But my dad always napped, from twelve thirty to two every afternoon. He’d pull out his hearing aids, put the golf channel on the television and commence his obnoxiously loud snoring. He sounded like an uncontrolled train screeching down the tracks. I can almost picture my mom returning from her errand, pulling the car into the garage and pushing the button to close the garage door. She’d walk inside the house, accidentally leaving the door connecting the garage to the house open, the car running. She would have heard my dad’s freight-train snores coming from the bedroom and for some reason, that afternoon, she’d decided to join him in bed. Maybe she had too much to eat at lunch that day and had a stomachache, maybe that’s why she decided to take a nap? The investigators found a bottle of Tums on her bedside table.
It comforts me to know they both slipped into death, like when you have anesthesia for a surgery. The nurse slides the IV in your arm and before you can count backward from ten, you’re out. But in their case, they never woke up. The silent killer, that’s what they call carbon monoxide. I made sure to install detectors in our house after it happened, even though only about four hundred people a year die from the colorless, odorless toxic gas.
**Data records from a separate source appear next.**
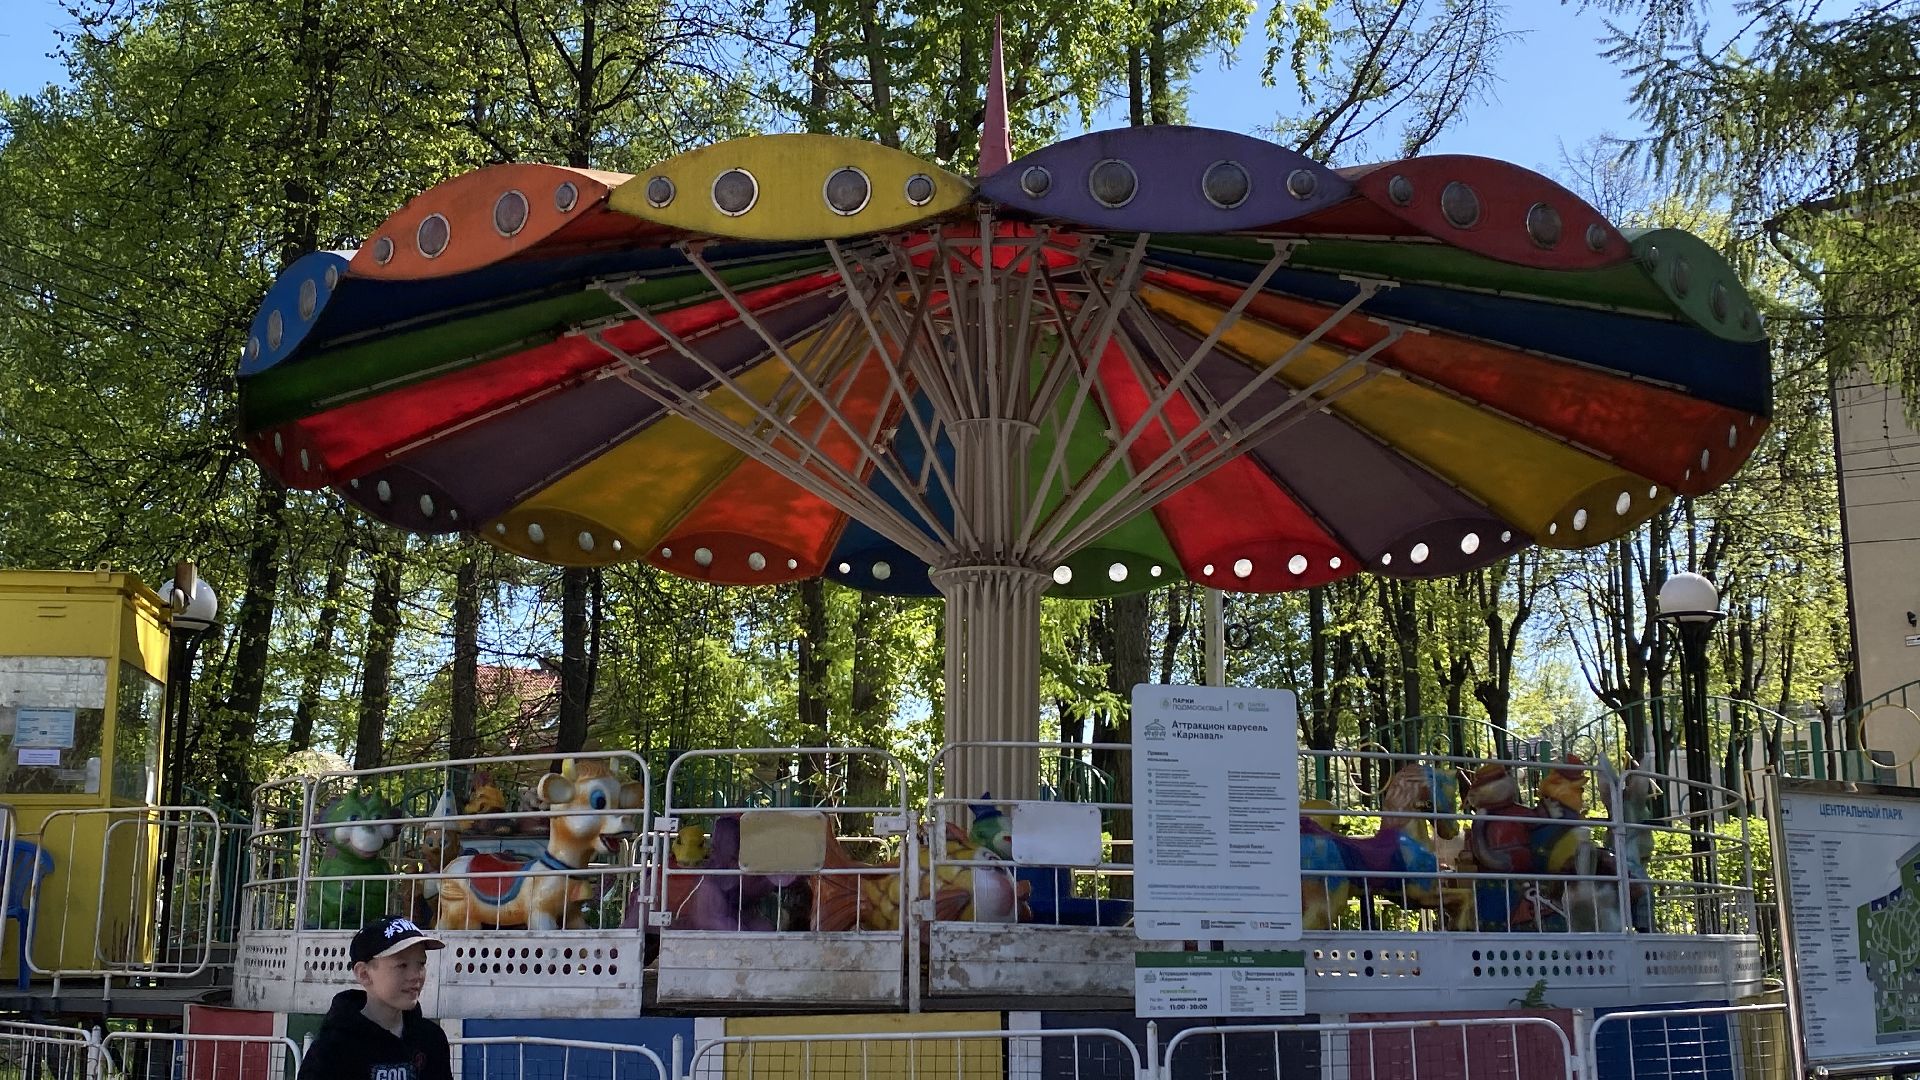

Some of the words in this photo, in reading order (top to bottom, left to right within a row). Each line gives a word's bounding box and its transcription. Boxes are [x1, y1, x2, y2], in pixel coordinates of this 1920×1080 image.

[1171, 720, 1225, 731] Аттракцион
[1227, 723, 1269, 732] карусель
[1172, 730, 1224, 740] «Карнавал»
[1819, 803, 1882, 819] ЦЕНТРАЛЬНЫЙ
[1882, 807, 1904, 820] ПАРК
Still, you have to be cautious, consider every threat. Be one step ahead of everything, everyone. That’s how the universe is working these days.
But before the tragedy, back when I was a kid, my parents would sometimes take us to the fanciest restaurant in town. It would only be when my dad was in a good mood, when he got a bonus and hadn’t blown it yet on booze or whatever. We’d dress up in our little suits and ties, and Mom would beam and tell us we were the most handsome men ever and then we’d drive to The Old Clock Tower restaurant. All the staff would dote over my brother and me. That’s where I had my first taste of perfectly prepared green beans, sliced thin and painted with a buttery mustard sauce. I remember the beans glistening in the light from the candle on the table. I can still taste that first bite, the smile it put on my face. Those beans weren’t anything like the ones we had at home.
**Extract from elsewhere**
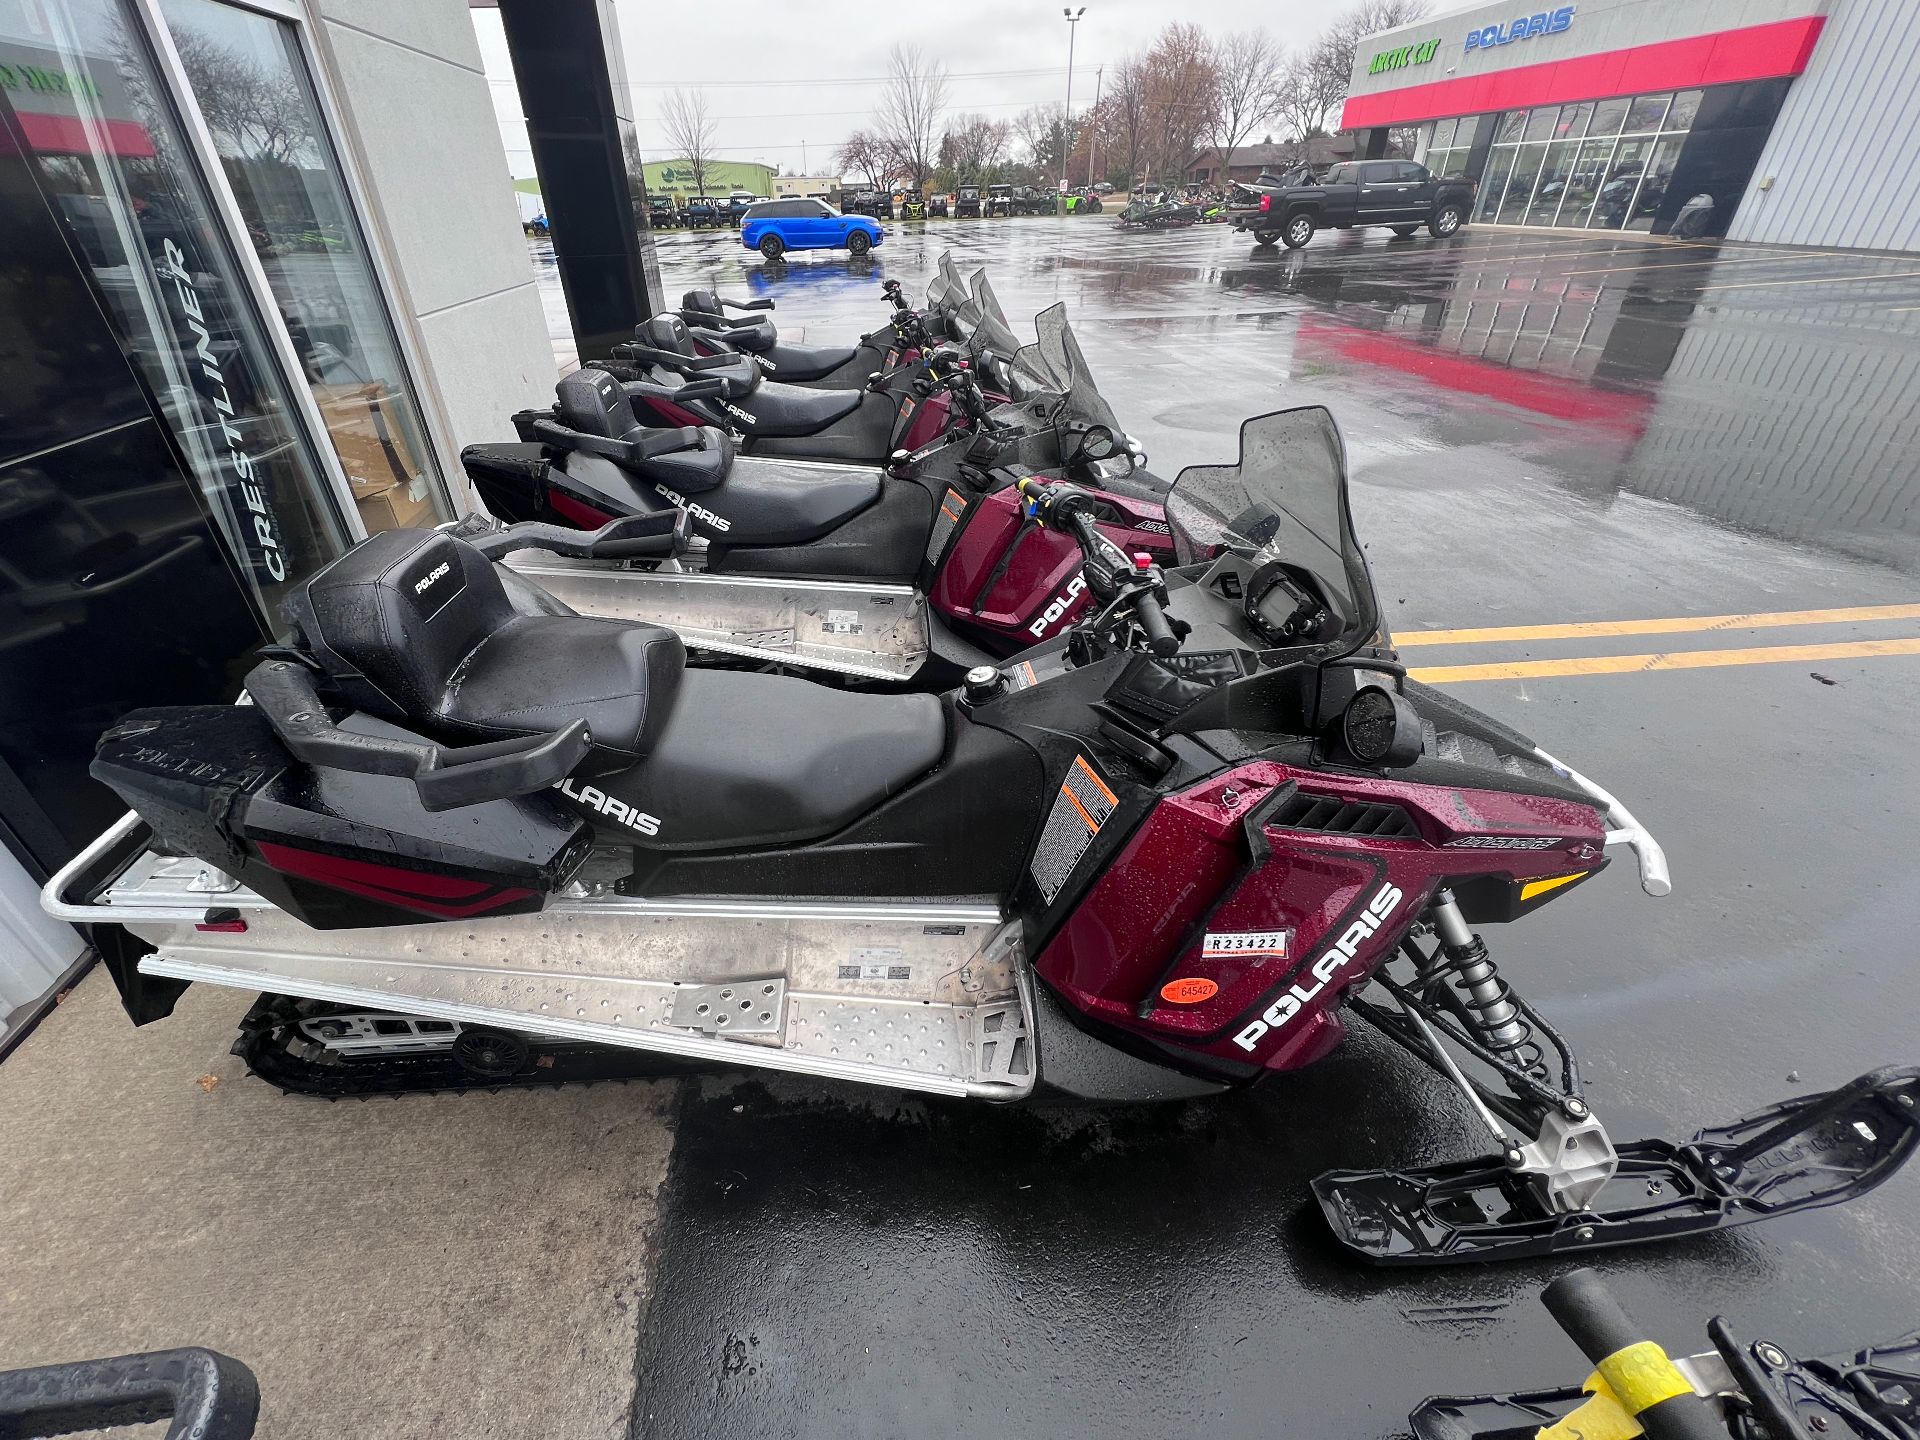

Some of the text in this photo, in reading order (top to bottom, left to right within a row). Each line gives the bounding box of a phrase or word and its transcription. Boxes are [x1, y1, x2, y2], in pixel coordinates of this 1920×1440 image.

Mia and I don’t have a family restaurant we take the boys to on a regular basis. Not one with flickering candles and crisp white tablecloths at least. We manage to sit down together fairly regularly at the kitchen table. Never at the dining room table, not yet. The boys are too messy to be dining above our fine Tabriz rug. A gift from Mia’s parents, a souvenir from one of their exotic vacations, of course. I checked online one day. The rug is worth almost $70,000. So we stick to the kitchen for family meals, though neither Mia nor I would be considered a good cook, not by any stretch.
Sometimes I’ll help throw something together, but usually Mia is in charge of meals, truth be told. Obviously this makes sense: she is the housewife. I’m uncertain why, then, after all of our years together, she hasn’t grown and developed her cooking expertise. I know she’s invested in cookbooks, and cooking classes even, but still, her best efforts can only be awarded a C. Barely edible, actually, when compared to fine dining. The boys and I struggle through “Momma Mia’s Lasagna” every week on Italian Tuesdays. Every week, it’s soggy and almost tasteless. It’s a shame, really.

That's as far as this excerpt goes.